Gli abitati iniziano a diffondersi dalle zone pedemontane agli altopiani iranici e anatolici e, finalmente, giungono a popolare la piana mesopotamica[19].

L’economia ora è quasi esclusivamente a base agro-pastorale. L’agricoltura è molto favorita dall’irrigazione artificiale, i semi iniziano ad essere macinati e le tecniche di conservazione del cibo si affinano: arrostendo il seme diminuisce la sua capacità germinativa ed è più facile togliere la gluma. Prosegue comunque, accanto alla coltivazione, l’attività di raccolta e continuano ad essere sempre praticate caccia, pesca e raccolta di molluschi e crostacei.[19]

I villaggi sono autonomi ma inizia a strutturarsi un sempre più complesso sistema regionale: il sorgere degli insediamenti più a stretto contatto l’un l’altro è stato favorito principalmente dalle nuove tecniche di coltivazione, che hanno fatto aumentare di molto il rendimento delle coltivazioni e diminuire conseguentemente l’estensione territoriale di ogni villaggio.

Le abitazioni sono sempre quadrangolari, costruite con un impasto di argilla e paglia, a blocchi o mattoni (pietra e legname sono reperibili sono in alcune zone). I villaggi sono radi e non crescono molto di dimensioni rispetto ai periodi precedenti. In genere constano di poche famiglie allargate, a volte una sola. Dagli scavi degli insediamenti sembra non essere presente una diversificazione sociale o, perlomeno, questa non sembra essere molto marcata. Gli abitati sono quasi tutti delle medesime dimensioni e struttura e, dove sono presenti differenze, esse sono pressoché minime. Si può dunque ipotizzare che il potere decisionale fosse in mano del/dei capofamiglia o degli anziani.[20]

Nella prima metà del VI millennio incontriamo una fase di arresto o di crisi, segnata dal diminuire sensibile dei dati archeologici (crisi forse imputabile ad un periodo di siccità, conseguente al cambiamento climatico avvenuto intorno al 10.000 e che portò un innalzamento della temperatura)[21].

Pratiche funerarie e credenze religiose

Teste di toro neolitiche a Çatalhöyük, Turchia (Museo della Civilizzazione Anatolica, Ankara)

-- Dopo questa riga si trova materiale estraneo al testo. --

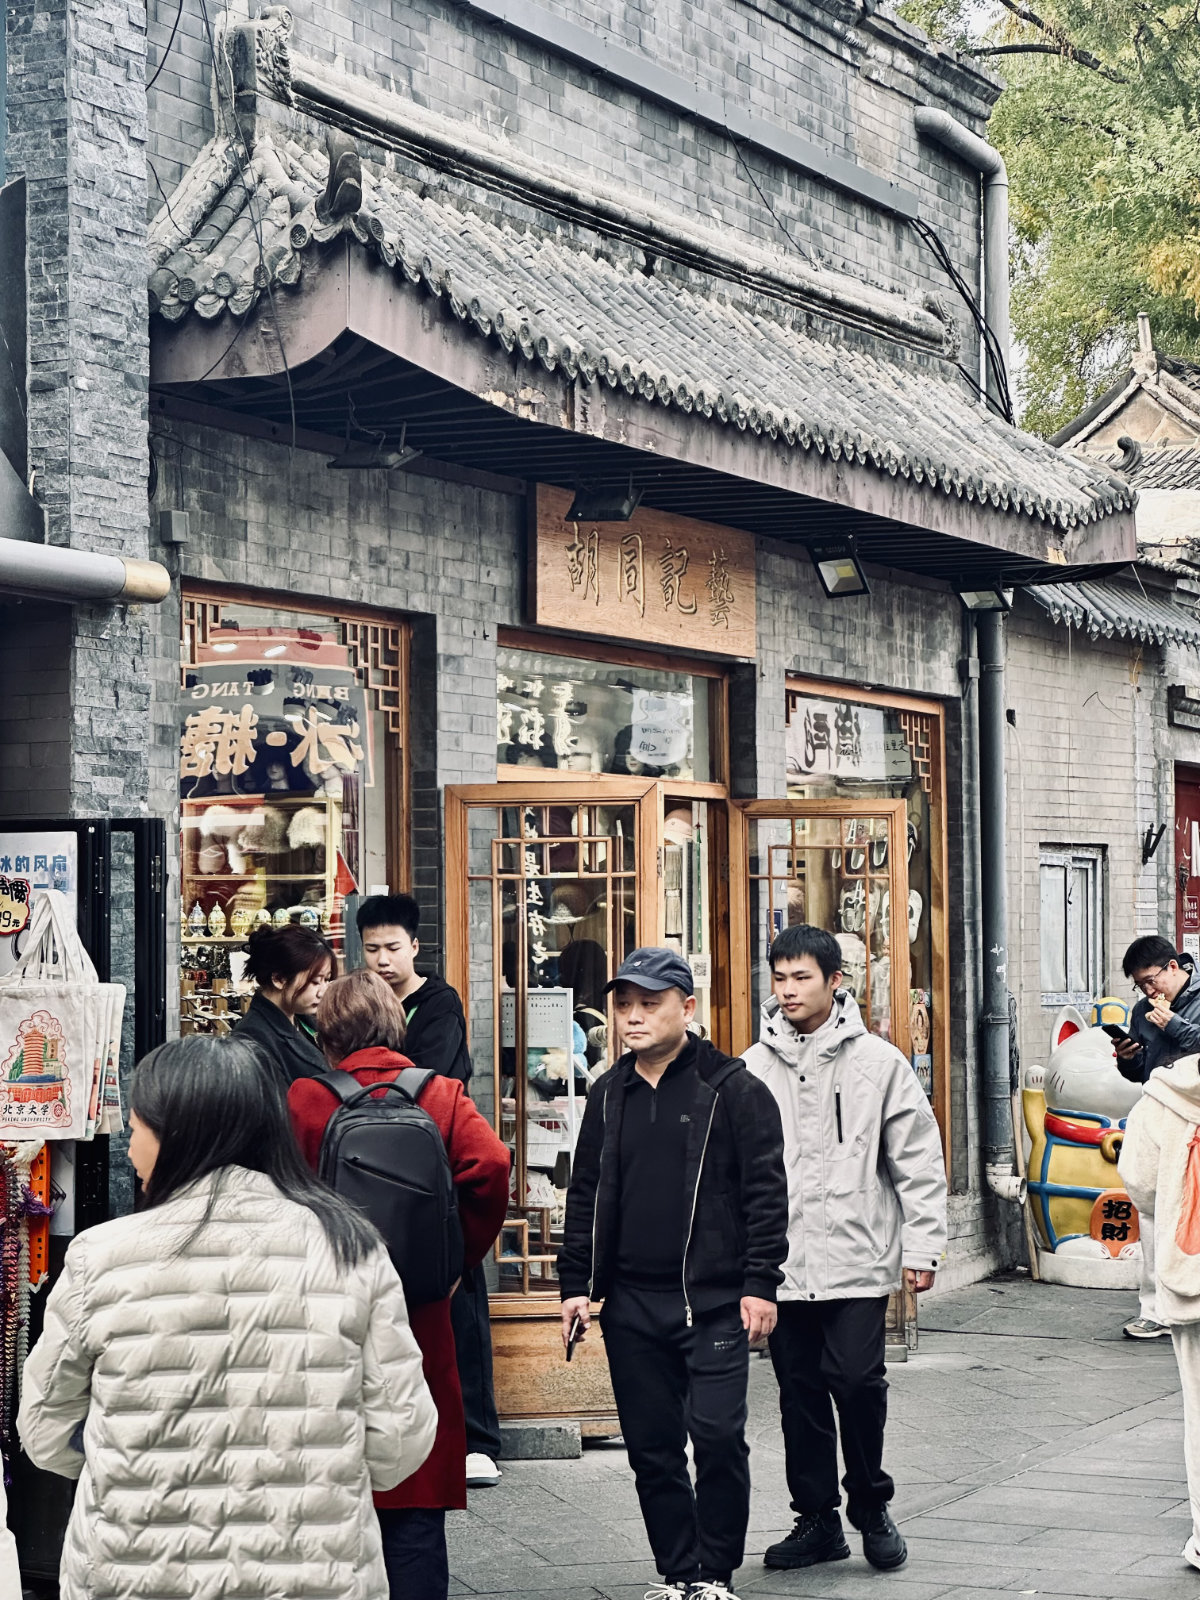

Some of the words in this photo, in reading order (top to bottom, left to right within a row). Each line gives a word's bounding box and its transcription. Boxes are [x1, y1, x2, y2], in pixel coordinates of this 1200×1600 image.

[2, 1104, 50, 1116] 北京大学
[1101, 1199, 1133, 1242] 招財
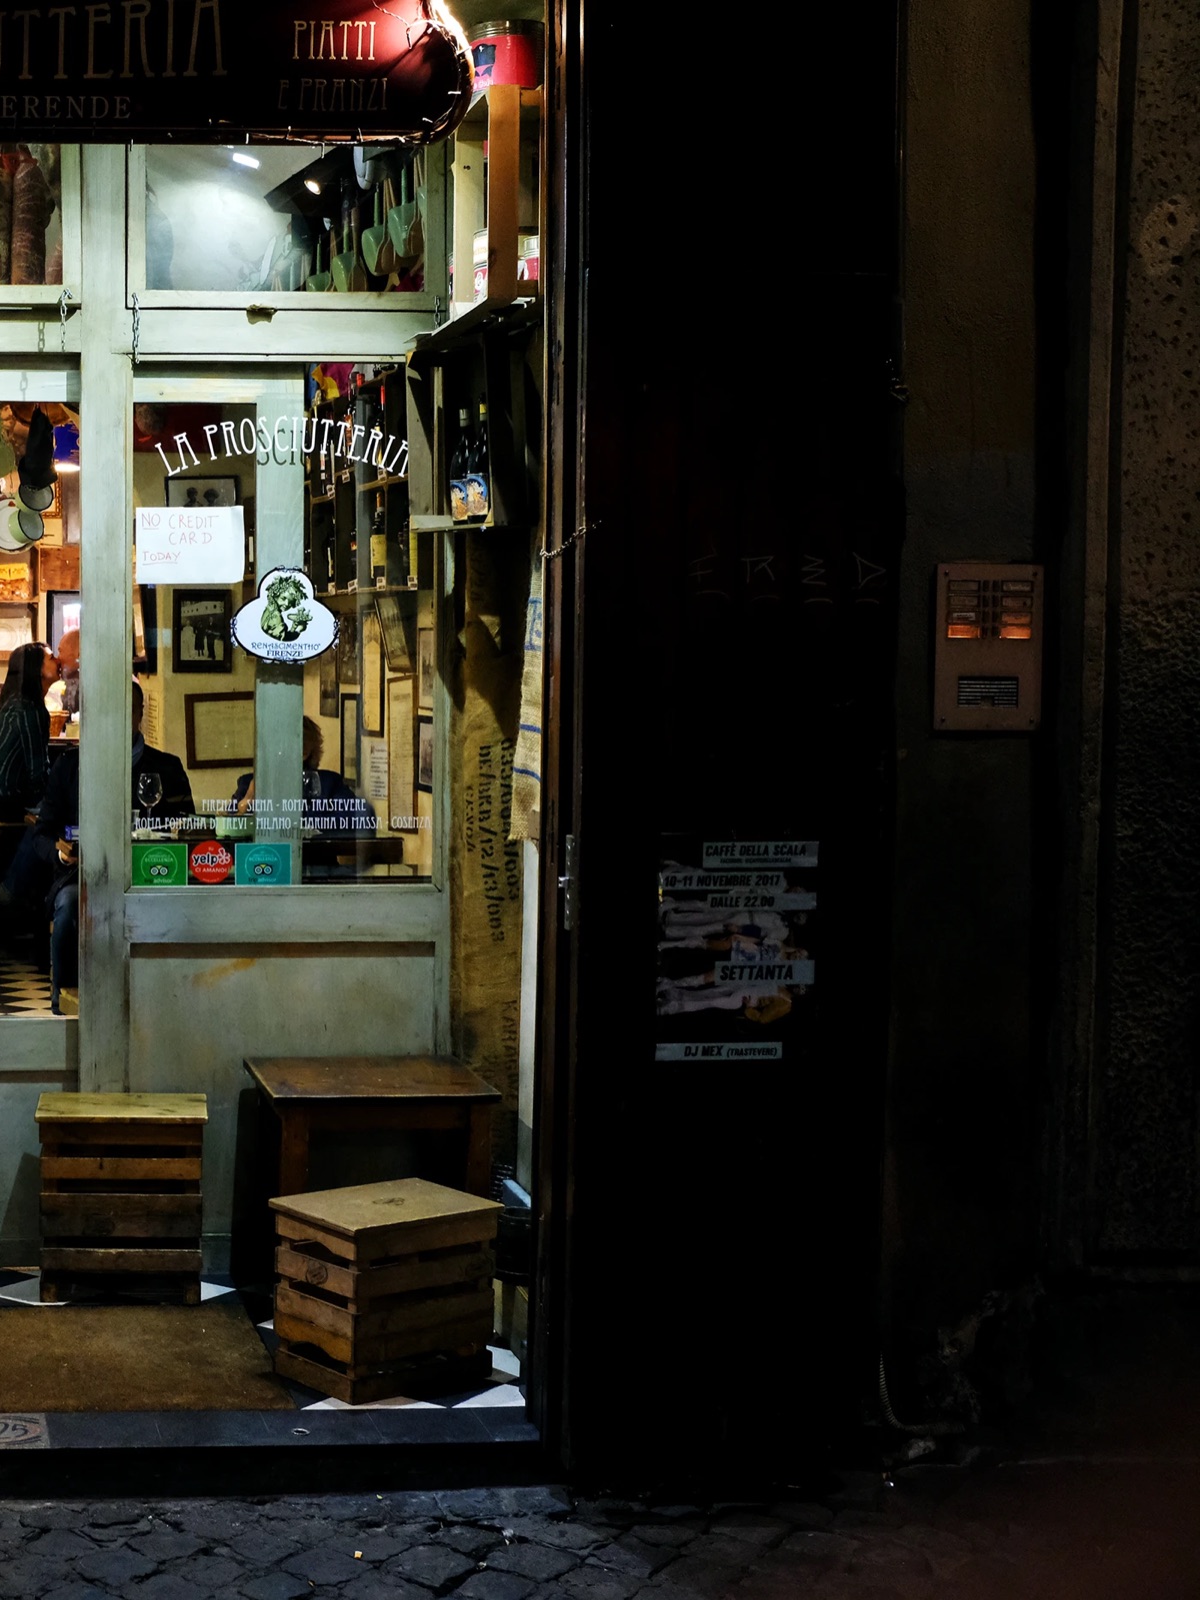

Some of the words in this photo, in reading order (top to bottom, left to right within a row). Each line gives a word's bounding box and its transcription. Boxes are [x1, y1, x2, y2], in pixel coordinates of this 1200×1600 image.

La religiosità[22] in questa fase si basa su due fattori distinti ma indissolubilmente legati: il culto degli avi e la fertilità, sia animale (e umana) che vegetale[23].

  • Il culto degli avi potrebbe essere sorto in connessione con la nascita delle strutture patriarcali. Le sepolture avevano luogo sotto il pavimento dell’abitazione e a volte poteva trattarsi di sepolture secondarie. Interessanti sono le offerte di cibo all’interno di vasi (indice della credenza della prosecuzione della vita nell’aldilà) unitamente all’uso dell’ocra rossa sul corpo del defunto (F. Fedele parla a tal proposito di “restituzione del sangue”). A volte, i teschi venivano prelevati a parte, e su essi era rimodellato in argilla il viso del defunto, con conchiglie al posto degli occhi (Gerico, Palestina, V millennio a.C.). Il corredo funebre era generalmente composto (ove le possibilità del defunto lo permettevano) da recipienti di pietra o legno, da ornamenti e fibbie d’osso e da strumenti litici, spesso di ottima fattura.
  • L’immagine della fertilità, invece, specchio di una vita dipendente quasi esclusivamente dai ritmi e dai cicli naturali, si trova nelle raffigurazioni fittili femminili (le famose veneri steatopigie, che non fanno certo né qui né ora le loro prime apparizioni) e nelle immagini animali simboleggianti riproduttività e generazione. M. Liverani ritiene sussista la probabilità di un parallelo che gli uomini del neolitico potrebbero aver istituito tra riproduzione animale e penetrazione sessuale da un lato e riproduzione vegetale e seppellimento dei semi dall’altro, da cui potrebbe esser scaturita l’abitudine al seppellimento dei morti, in funzione ricostitutiva.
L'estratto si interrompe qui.